Diliana (first name for the sake of anonymity) experienced the knife attack that took place at the Gare du Midi last Tuesday around 9:45 a.m. She is still traumatized by the events that unfolded before her eyes. And for good reason, the 22-year-old young woman worked in the store in which the attacker entered to obtain his knife. Barely a day later, three police officers went to his store to return the weapon, still stained with blood. It is still the voice trembling with emotion that Diliana insisted on giving us her testimony by pressing the orange button.
Diliana (first name for the sake of anonymity), 22, is employed full-time in a store within the Gare du Midi in Brussels. She was present at the scene Tuesday morning during the knife fight which broke out in the middle of rush hour at the stationresulting in a slight injury: “I still have the image of this man who was prowling around the store, and of his look, when he returned to take this knife. At the time, we all really wondered if it was our last day of life. The exchange of glances lasted a few seconds, but for us it was an eternity.”
The next day, around 5:30 p.m., the young woman was on duty when three police officers entered the store: “They looked worried, a little embarrassed by the situation. I felt something was wrong.

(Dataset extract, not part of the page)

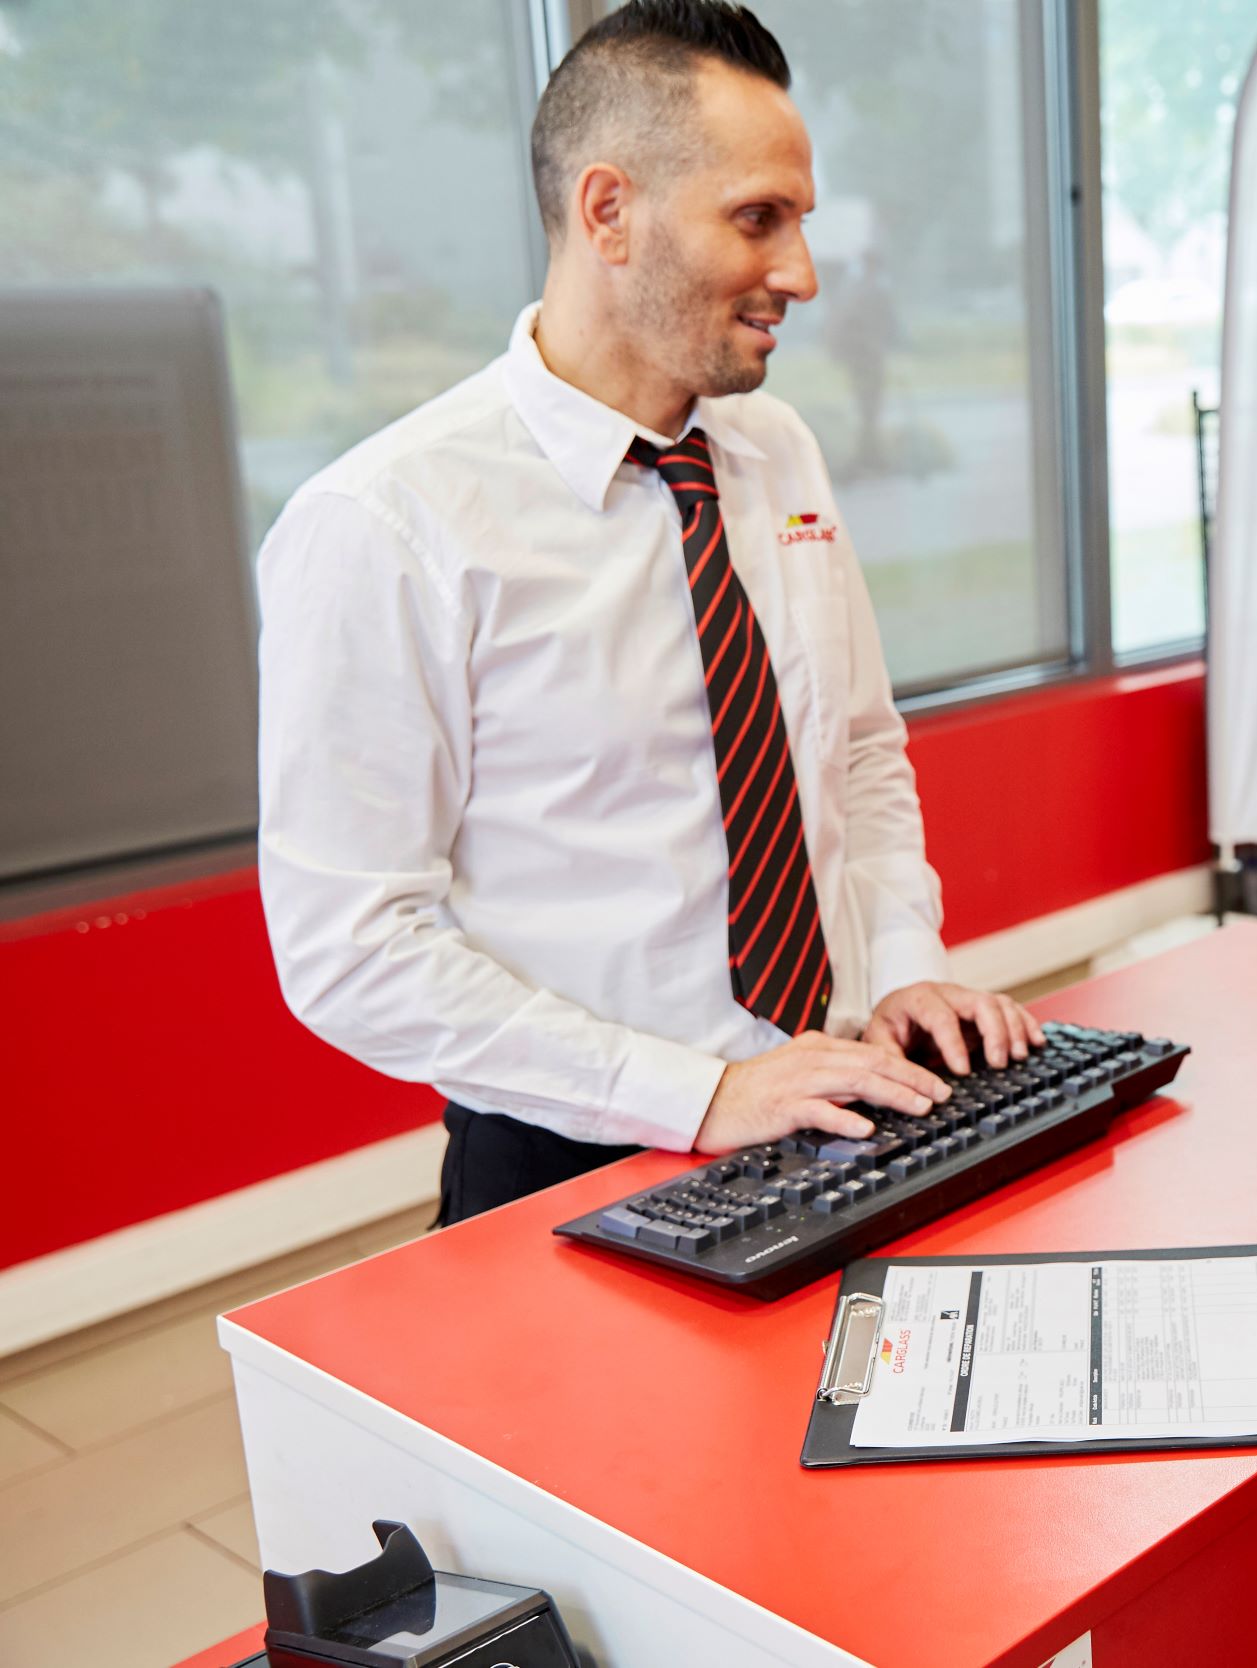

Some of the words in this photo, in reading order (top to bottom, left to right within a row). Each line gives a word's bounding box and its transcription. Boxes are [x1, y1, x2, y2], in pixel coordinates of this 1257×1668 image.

[893, 1329, 911, 1374] CARGLASS
[962, 1324, 974, 1353] REPARATION
[959, 1360, 970, 1377] ORDRE

They were clearly not there to buy cakes or salads.”
And Diliana’s instinct doesn’t lie, since as soon as she enters, the three police officers hand her a plastic bag: “That’s when they told me that the magistrate had ordered them to return the weapon that had been used in the attack. The moment they handed it to us, we all relived the scene. I clearly had a stroke in the heart and a dry throat. The police were talking to me and I was just frozen. I had a blur in my head where I thought back to the day when the facts took place.
Very quickly, the shock gave way to anger: “For me, this is unacceptable. There were still traces of blood on the knife. It’s not like I’m going to wash it down and reuse it to make sandwiches for our customers.”
Diliana then decides to call her manager to make the appropriate decision: “He was of the exact same opinion as me. It’s inhuman to ask us to accept that. I told them that they made us relive the scene by returning the weapon to us in this way. But we obviously had no choice.”
And the team is not at the end of its surprises: “We were forbidden to take back the bag from the laboratory. We therefore had to take the knife, by hand, and place it in a packaging from the store. I made the decision to hide the package in the storeroom so that it wouldn’t be seen. It is true that it is a butcher’s knife, which costs between 70 and 100 euros. But that’s no reason to keep it even following what happened.”
A decision made under the influence of emotion, while waiting for his manager to arrive, to find a solution: “When my manager arrived the next morning, he took the knife and threw it outside the station, in a place where the weapon was not likely to be recovered. We didn’t know what to do with it. I don’t understand why it’s up to us to find a solution to get rid of it.”
For the criminal lawyer, Xavier Van Der Smissen, nothing surprising in the procedure: “It is common practice to return the weapon that was used in an assault to its original owner. If all the analyzes and samples have been taken, it is useless for the prosecution to keep this kind of element.”
It is no less difficult to live with. For Diliana, the attack will have changed her daily life forever: “QWhen you work at the Gare du Midi, you see everything and anything. But since this story of the knife, we are all in anguish. I see in the eyes of my colleagues that they are worried. They are all now followed by psychologists. It is not like it used to be. As soon as we meet, we talk regarding it once more. We became more stressed, more suspicious. We have a trauma. When I go to bed at night, I think regarding it and it runs through my head.”